The Five Points of Christology
At Christmastime we celebrate the great gift from God: His word become flesh. When we speak this way we are talking about the incarnation (the in-flesh-ment of God). In order to better facilitate understanding, I have summarized the doctrines of the incarnation and the hypostatic union (the teaching that Jesus is both full divine and fully and perfectly human) in terms of the acronym JESUS .
- John’s Prologue: Before his birth in Bethlehem, the man, Jesus of Nazareth, eternally existed as the Word of God, the second person of the Trinity – equal with God the Father in both power and glory. John 1:1-14
- Emptied: In the incarnation, the divine Word took on/assumed/added a human nature to his own divine nature without ceasing to be God.
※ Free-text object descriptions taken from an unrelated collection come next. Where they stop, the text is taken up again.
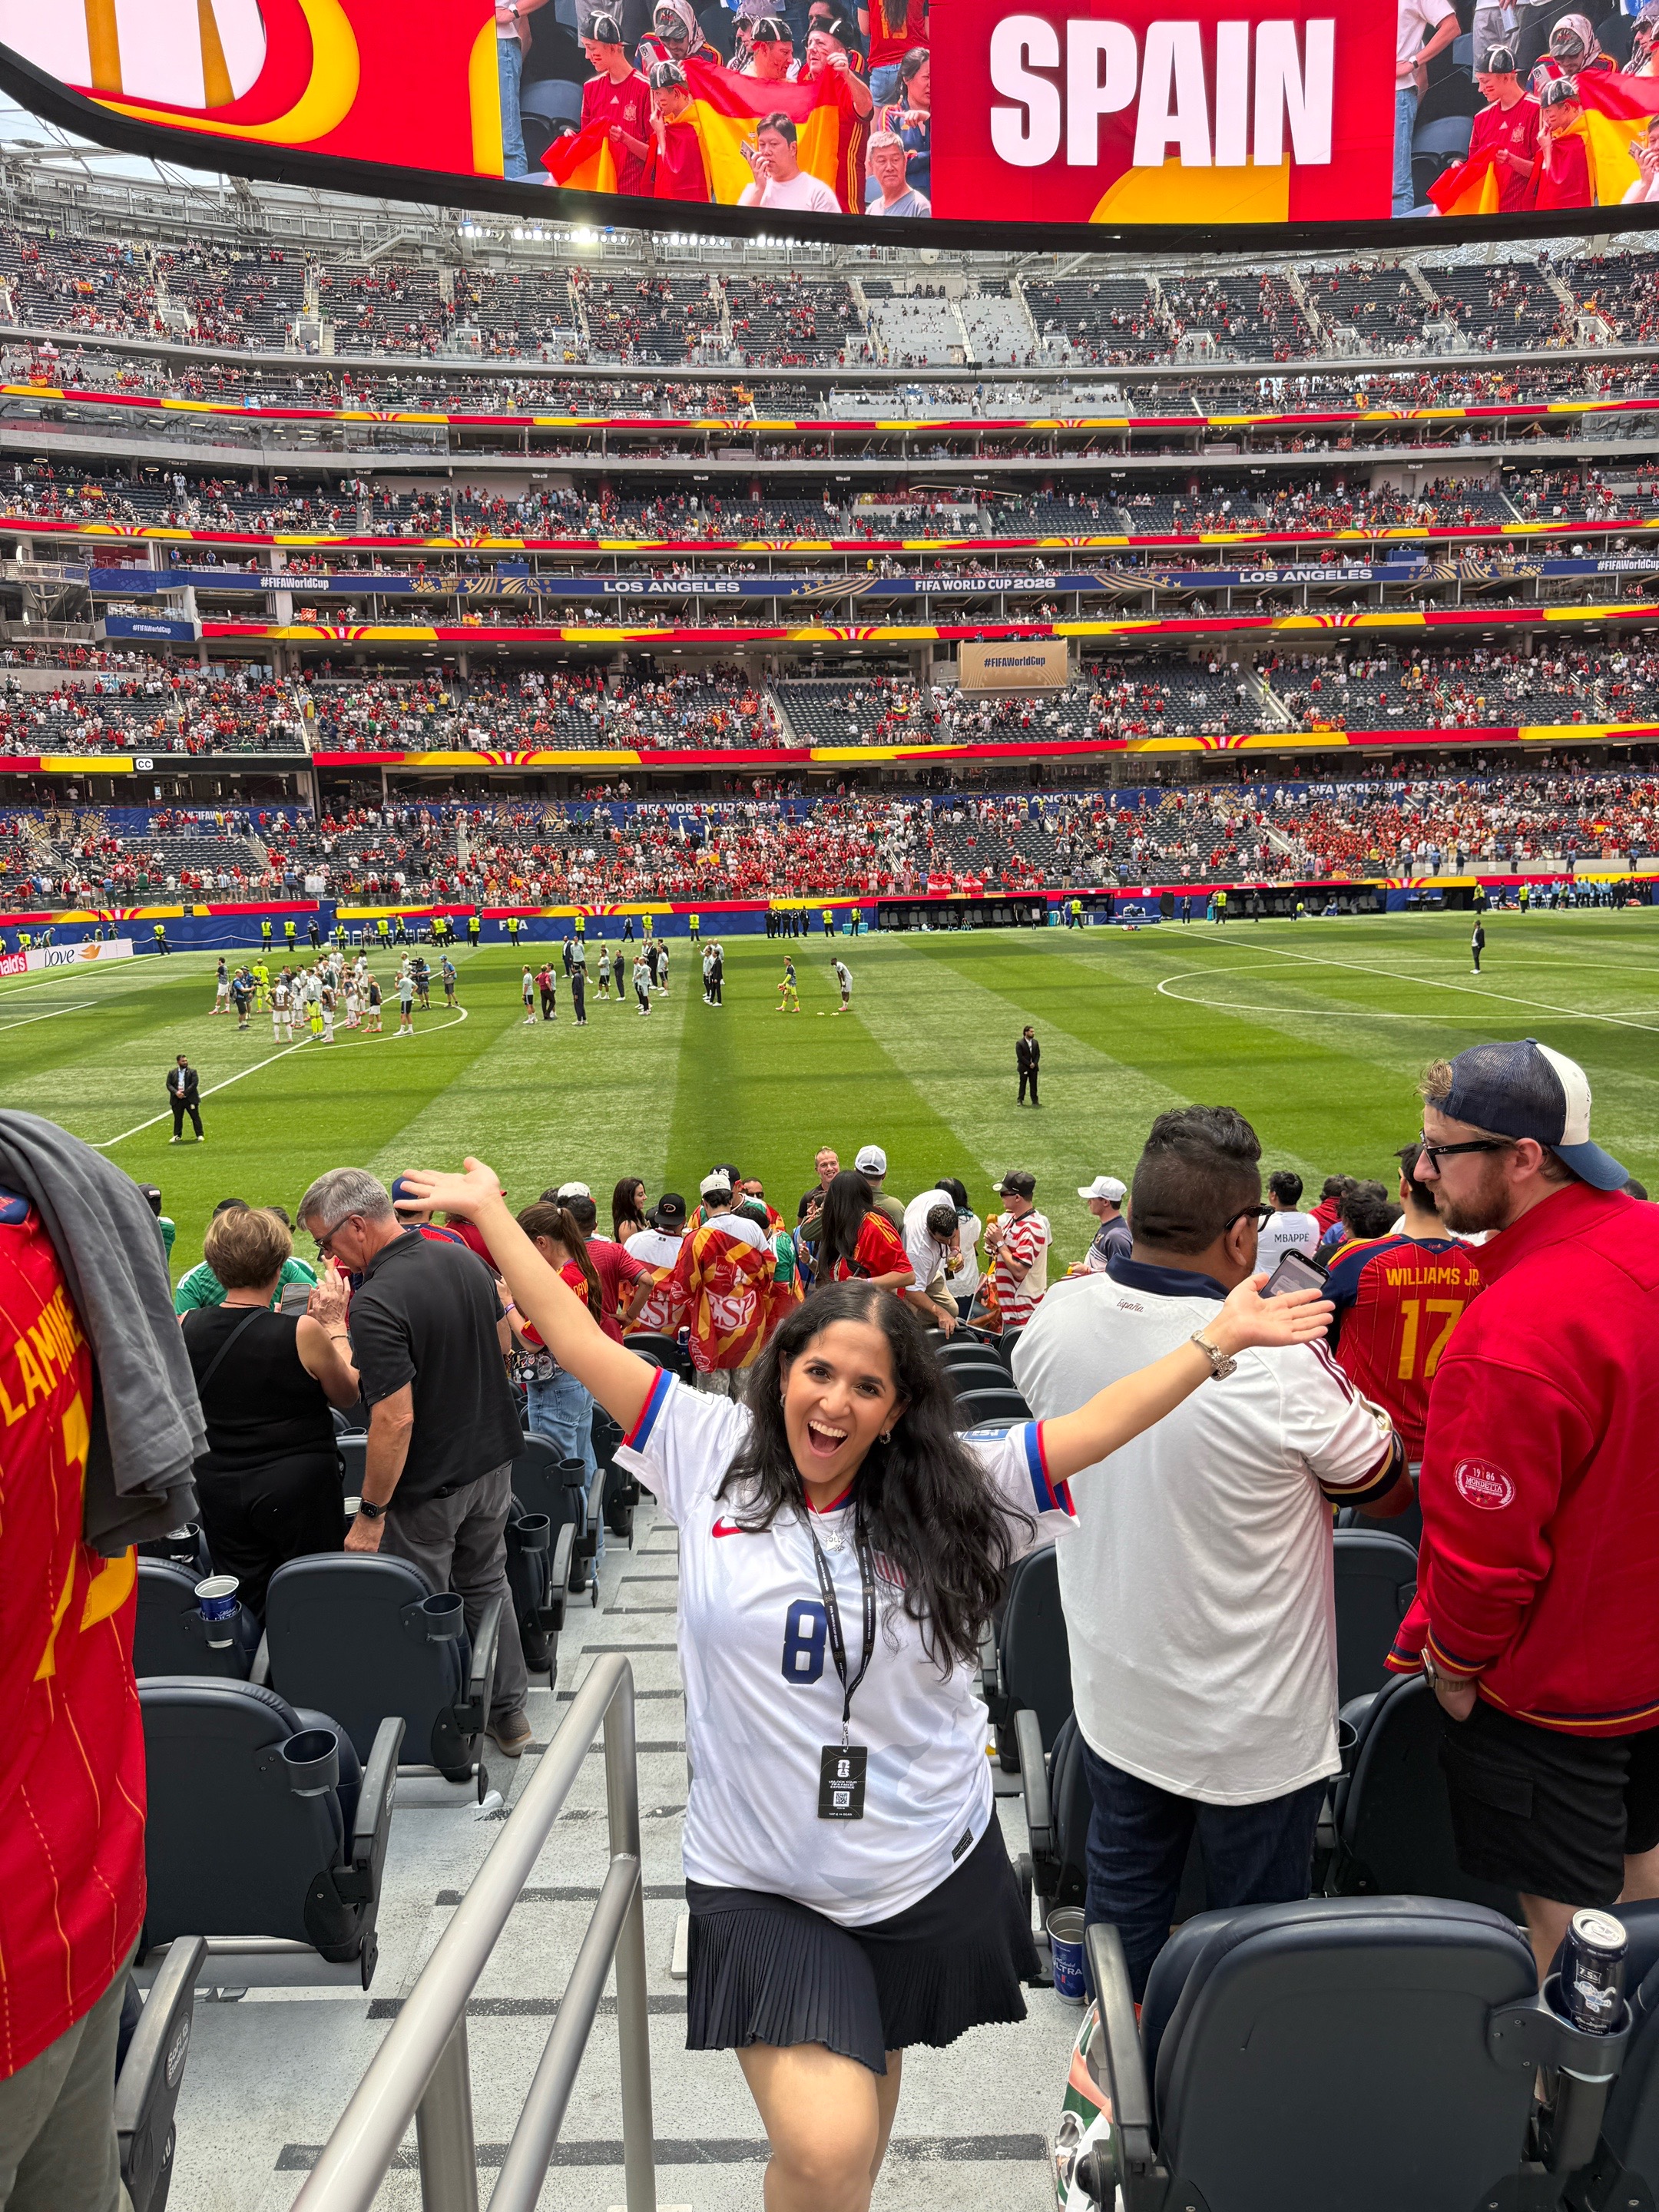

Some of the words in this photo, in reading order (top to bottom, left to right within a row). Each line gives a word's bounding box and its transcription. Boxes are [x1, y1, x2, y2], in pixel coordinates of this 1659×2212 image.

[990, 15, 1335, 167] SPAIN
[1597, 558, 1659, 571] #FIFAWorldCup
[1240, 571, 1278, 583] LOS
[1282, 569, 1373, 581] ANGELES
[260, 577, 329, 591] #FIFAWorldCup
[604, 581, 644, 592] LOS
[648, 582, 740, 592] ANGELES
[915, 581, 941, 591] FIFA
[942, 579, 986, 591] WORLD
[988, 579, 1012, 590] CUP
[1013, 578, 1056, 589] 2026
[132, 624, 171, 634] #FIFAWorldCup
[984, 656, 1045, 667] #FIFAWorldCup
[137, 760, 152, 768] CC
[44, 949, 75, 968] Dove
[1385, 1267, 1461, 1286] WILLIAMS
[1464, 1268, 1480, 1286] JR.
[1117, 1299, 1144, 1313] España
[1398, 1299, 1465, 1380] 17
[1472, 1468, 1481, 1478] 19
[1486, 1472, 1495, 1482] 86
[1465, 1476, 1503, 1493] MONDETTA
[782, 1599, 827, 1684] 8
[168, 2032, 182, 2068] SoFi
[168, 2036, 188, 2081] Stadium
Phil. 2:5-7
- Somatic: The human nature taken on by the Son is fully human (subject to all natural human frailties such as fatigue, hunger, thirst, and ignorance), yet without the inward temptation, inclination, or desire to sin.
- Unified: Jesus Christ—the eternal Word incarnate—is a single, unified person mysteriously possessing two natures (both fully human and fully divine) in such a fashion that neither is compromised (whether through confusion, mixture, or separation).
- Savior: This union of natures is absolutely essential for the reconciliation between God and man, and for the consummation of God’s purposes for creation. The human nature of Jesus is essential for the fulfillment of God’s kingdom purposes through humanity, while the divine nature is essential because the radical and pervasive effects of sin upon creation made it impossible that any mere human could successfully overturn them.